GPT-4, the latest version of OpenAI’s primary large language model, exhibits human-level performance on several professional and academic benchmarks. It performs better than its predecessor, GPT-3.5, on a simulated bar exam, for example.
It also shows an array of capabilities that previous versions lacked, including the ability to quickly come up with the proper income tax deduction after being fed reams of tax code. The technology could have a dramatic impact on tech companies and consumers, experts say.
GPT-4, a large multimodal model that accepts text and image inputs and outputs text responses, exhibits human-level performance on various professional and academic benchmarks. For example, in a simulated bar exam it scored in the top 10% of test takers — a significant improvement over its predecessor GPT-3.5.
It can also be used for many other language tasks, including content creation and scientific research. OpenAI says GPT-4 is “more creative and collaborative than ever” and solves difficult problems with greater accuracy, compared to its predecessor.
As for training, GPT-4 was trained using a large and diverse corpus of data, ranging from correct and incorrect solutions to math problems, self-contradictory statements and a variety of ideologies and ideas. It was also tested against adversarial prompts, which can result in the model jumping its guardrails and producing answers that aren’t aligned with the user’s intent.
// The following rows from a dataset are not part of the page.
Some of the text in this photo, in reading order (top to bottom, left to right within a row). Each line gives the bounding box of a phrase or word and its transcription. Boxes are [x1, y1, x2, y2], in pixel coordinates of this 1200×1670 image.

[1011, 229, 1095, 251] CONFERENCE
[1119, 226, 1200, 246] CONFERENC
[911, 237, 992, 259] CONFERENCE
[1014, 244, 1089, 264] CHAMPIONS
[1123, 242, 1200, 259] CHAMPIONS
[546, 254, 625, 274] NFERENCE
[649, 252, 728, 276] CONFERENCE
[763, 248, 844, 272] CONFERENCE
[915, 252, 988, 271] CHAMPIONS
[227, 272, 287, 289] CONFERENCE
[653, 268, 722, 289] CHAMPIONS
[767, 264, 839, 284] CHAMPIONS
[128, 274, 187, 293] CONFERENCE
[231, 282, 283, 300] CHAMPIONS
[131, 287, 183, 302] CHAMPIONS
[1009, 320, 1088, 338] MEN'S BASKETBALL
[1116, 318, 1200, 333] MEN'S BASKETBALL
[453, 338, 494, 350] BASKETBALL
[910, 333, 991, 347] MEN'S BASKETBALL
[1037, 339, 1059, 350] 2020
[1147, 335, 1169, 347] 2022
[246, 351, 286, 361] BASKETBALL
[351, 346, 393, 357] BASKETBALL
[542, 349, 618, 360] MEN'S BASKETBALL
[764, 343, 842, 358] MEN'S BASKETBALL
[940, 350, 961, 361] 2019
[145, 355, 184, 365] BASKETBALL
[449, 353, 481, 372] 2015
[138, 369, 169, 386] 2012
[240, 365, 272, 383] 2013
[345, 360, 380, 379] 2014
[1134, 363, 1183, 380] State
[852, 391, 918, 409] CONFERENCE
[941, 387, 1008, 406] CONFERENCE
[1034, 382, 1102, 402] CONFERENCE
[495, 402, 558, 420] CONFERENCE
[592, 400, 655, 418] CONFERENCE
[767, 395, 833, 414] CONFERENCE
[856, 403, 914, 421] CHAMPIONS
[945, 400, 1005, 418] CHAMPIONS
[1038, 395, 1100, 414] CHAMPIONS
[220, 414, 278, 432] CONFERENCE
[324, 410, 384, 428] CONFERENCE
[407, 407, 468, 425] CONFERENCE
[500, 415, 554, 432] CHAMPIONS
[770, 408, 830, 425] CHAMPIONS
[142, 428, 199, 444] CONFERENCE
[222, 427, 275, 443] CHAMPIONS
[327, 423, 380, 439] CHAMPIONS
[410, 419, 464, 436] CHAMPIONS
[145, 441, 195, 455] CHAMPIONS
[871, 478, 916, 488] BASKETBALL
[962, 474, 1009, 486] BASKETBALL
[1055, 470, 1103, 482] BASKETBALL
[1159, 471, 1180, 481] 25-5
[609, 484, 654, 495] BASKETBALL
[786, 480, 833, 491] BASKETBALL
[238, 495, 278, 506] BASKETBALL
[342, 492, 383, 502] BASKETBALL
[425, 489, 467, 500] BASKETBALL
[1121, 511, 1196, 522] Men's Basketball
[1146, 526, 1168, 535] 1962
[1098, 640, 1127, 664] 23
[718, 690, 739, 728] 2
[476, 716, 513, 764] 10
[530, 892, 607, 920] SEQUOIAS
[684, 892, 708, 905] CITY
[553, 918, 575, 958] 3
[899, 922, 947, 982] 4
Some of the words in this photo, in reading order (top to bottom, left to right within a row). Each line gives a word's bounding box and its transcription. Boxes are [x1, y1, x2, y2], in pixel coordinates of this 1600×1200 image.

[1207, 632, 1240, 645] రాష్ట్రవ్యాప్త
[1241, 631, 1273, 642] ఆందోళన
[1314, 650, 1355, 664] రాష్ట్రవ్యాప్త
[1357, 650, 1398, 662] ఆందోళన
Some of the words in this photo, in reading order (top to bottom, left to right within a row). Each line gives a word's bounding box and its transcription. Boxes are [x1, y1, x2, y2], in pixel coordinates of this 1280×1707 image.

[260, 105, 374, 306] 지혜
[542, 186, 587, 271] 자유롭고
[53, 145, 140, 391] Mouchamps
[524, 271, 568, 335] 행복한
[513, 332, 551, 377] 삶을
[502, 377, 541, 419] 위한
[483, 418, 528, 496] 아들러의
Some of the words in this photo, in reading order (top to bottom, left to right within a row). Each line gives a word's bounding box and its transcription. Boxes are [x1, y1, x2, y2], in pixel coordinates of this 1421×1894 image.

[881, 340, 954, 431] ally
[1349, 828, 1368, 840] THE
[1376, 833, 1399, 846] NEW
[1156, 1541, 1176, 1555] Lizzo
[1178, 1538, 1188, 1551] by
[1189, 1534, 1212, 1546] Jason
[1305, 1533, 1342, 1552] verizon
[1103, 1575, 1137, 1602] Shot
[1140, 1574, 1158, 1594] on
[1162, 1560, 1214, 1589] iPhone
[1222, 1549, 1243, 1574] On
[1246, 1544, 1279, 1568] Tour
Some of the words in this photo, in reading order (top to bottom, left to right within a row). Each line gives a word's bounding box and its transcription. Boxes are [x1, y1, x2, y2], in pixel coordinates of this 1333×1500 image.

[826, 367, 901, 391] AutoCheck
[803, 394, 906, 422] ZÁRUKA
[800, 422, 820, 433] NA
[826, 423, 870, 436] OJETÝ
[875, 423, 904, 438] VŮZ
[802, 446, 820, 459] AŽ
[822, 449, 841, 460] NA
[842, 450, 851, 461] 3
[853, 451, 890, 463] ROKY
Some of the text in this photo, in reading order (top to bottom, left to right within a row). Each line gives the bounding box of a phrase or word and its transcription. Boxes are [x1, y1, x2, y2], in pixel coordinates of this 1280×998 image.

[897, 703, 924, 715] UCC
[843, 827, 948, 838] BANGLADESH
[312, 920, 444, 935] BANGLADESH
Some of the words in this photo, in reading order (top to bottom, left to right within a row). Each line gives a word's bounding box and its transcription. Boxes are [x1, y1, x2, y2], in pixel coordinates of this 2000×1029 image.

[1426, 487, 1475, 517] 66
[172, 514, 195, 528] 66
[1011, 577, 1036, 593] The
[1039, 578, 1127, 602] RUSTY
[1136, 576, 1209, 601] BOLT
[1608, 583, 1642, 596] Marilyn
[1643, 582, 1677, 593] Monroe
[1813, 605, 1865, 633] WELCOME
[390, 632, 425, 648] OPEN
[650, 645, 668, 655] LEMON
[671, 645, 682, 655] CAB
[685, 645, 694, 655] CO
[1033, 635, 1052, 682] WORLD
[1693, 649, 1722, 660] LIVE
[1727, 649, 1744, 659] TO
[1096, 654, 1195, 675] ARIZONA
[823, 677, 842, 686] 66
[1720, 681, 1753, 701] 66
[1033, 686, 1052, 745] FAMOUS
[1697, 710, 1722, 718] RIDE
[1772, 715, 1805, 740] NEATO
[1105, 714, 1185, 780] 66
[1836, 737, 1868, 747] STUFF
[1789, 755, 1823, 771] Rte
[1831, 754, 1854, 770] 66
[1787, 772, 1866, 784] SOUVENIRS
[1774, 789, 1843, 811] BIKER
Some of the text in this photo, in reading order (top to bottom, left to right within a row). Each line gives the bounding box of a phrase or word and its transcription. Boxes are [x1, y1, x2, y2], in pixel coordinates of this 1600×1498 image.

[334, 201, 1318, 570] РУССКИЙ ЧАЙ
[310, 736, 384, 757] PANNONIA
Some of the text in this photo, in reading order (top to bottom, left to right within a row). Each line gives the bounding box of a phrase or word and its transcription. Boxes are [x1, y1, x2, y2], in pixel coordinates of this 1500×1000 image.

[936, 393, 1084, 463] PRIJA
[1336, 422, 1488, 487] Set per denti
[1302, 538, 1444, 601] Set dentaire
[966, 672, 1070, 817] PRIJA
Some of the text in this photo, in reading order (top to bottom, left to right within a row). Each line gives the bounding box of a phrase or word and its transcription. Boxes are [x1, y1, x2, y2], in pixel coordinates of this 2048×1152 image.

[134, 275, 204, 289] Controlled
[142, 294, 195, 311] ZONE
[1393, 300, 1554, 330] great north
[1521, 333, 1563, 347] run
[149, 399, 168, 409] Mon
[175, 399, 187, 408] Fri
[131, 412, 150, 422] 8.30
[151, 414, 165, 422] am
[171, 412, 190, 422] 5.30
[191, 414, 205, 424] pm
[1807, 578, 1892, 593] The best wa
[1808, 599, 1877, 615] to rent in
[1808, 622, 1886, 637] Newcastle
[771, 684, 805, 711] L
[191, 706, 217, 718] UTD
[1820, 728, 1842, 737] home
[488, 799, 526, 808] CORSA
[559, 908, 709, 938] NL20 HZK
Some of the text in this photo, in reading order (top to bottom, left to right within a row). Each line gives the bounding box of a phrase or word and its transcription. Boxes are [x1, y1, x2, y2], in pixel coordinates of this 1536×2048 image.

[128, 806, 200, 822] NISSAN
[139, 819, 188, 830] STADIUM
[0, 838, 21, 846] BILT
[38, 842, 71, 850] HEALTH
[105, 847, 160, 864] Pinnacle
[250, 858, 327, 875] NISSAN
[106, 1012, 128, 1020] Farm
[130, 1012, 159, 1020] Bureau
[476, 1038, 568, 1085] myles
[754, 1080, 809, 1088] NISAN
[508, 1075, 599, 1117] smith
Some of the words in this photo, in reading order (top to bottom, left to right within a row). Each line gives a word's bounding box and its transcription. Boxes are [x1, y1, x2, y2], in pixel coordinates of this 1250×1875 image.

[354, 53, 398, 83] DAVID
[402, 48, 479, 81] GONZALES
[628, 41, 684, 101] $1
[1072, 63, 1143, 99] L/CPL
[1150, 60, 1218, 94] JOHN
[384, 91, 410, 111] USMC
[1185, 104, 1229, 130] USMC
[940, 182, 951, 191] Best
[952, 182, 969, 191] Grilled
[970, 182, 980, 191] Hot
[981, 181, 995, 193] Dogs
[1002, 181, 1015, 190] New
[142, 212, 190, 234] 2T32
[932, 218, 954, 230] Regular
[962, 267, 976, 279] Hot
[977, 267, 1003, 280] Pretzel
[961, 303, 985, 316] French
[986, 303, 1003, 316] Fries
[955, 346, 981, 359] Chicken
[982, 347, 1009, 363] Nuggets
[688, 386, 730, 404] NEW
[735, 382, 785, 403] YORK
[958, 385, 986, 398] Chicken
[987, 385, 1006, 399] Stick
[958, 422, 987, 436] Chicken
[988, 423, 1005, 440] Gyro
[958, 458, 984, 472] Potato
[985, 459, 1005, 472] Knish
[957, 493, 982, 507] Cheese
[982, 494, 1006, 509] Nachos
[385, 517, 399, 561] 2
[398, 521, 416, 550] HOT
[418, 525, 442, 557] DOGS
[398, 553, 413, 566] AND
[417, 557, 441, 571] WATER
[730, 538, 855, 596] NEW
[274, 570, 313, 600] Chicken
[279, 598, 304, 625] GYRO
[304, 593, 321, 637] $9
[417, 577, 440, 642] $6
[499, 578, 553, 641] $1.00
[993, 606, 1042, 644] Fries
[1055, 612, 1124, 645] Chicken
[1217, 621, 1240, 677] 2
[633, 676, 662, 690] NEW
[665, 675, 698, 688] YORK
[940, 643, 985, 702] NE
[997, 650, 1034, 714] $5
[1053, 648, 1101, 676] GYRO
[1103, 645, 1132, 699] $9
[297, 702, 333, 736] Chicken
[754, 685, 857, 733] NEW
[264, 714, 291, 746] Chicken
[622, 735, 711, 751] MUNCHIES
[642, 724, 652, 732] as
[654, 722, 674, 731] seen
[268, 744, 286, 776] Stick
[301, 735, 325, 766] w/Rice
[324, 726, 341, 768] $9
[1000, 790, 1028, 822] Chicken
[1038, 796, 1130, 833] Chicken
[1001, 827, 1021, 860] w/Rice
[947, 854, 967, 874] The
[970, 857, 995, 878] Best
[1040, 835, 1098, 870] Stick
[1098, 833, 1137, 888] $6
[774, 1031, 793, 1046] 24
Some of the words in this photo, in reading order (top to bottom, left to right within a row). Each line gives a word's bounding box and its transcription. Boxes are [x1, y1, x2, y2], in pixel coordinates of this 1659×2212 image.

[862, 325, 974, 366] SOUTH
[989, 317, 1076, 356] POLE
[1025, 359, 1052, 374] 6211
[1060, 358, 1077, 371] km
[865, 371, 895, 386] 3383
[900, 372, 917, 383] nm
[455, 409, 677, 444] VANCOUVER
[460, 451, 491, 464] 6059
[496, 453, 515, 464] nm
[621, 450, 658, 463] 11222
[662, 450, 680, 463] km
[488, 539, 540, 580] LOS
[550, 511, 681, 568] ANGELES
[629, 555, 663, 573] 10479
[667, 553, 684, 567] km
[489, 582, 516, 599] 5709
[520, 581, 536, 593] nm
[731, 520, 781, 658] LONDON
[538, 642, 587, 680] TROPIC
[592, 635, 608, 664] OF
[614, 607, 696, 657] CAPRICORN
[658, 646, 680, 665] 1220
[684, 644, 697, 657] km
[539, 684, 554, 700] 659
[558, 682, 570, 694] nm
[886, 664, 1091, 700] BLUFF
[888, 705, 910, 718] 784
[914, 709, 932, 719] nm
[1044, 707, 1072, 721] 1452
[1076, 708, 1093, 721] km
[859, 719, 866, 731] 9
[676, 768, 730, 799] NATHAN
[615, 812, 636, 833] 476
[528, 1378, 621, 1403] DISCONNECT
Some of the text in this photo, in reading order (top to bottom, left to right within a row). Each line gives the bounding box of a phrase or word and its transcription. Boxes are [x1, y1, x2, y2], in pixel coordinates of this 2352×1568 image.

GPT-4 is a large multimodal language model that accepts both text and image inputs and outputs natural language. It’s able to interpret documents with photographs, diagrams, and screenshots as well as text-only inputs.
It’s also more creative, reliable, and generally able to handle more nuanced instructions than its predecessor (GPT-3.5). OpenAI reports that GPT-4 outperformed the former model on a variety of professional and academic benchmarks, including passing a simulated bar exam with an average score around the top 10% of test takers.
GPT-4 has also made progress on external benchmarks, such as the TruthfulQA challenge, which tests a model’s ability to separate fact from an adversarially selected set of incorrect statements. Despite this, it still has limitations such as social biases and hallucinations that need to be addressed.
GPT-4 can accept a prompt of text and images, which it can use to generate captions, classifications, analyses, and natural language outputs. It can do this across a range of domains, including documents with text and photographs, diagrams, or screenshots.
The model has also been improved with steerability, or the ability to change its behavior according to user requests. This can help you get the AI to write in a different style or tone or voice, for example.
Despite its capabilities, OpenAI says the GPT-4 model still has some limitations and needs to be used with care. Specifically, it can “hallucinate” facts and make reasoning errors, so it is not yet fully reliable.
OpenAI is working to mitigate these risks and make GPT-4 more aligned. It has engaged with over 50 experts and collected data to improve the model’s ability to refuse dangerous requests. It’s not 100% safe, but it’s much less likely to give inappropriate content than its predecessor and more likely to follow policies that protect sensitive topics like medical advice or self-harm.
OpenAI says its new GPT-4 multimodal model can perform better than its predecessors at a range of professional and academic benchmarks. It’s capable of achieving human-level performance on tasks that require reasoning and problem-solving, including a simulation of a lawyer’s bar exam, SAT reading and math exams, and a variety of standardized tests designed for humans.
Its performance on these tasks is impressive, but it’s not without its limitations. According to the report, GPT-4 still possesses a tendency to hallucinate from time to time and can produce factually incorrect answers.
Despite its shortcomings, GPT-4 is a valuable tool for many organizations that need to understand large amounts of content and text, as well as analyze it. It can also be used for a wide range of applications, including information retrieval, chatbots and social media platforms.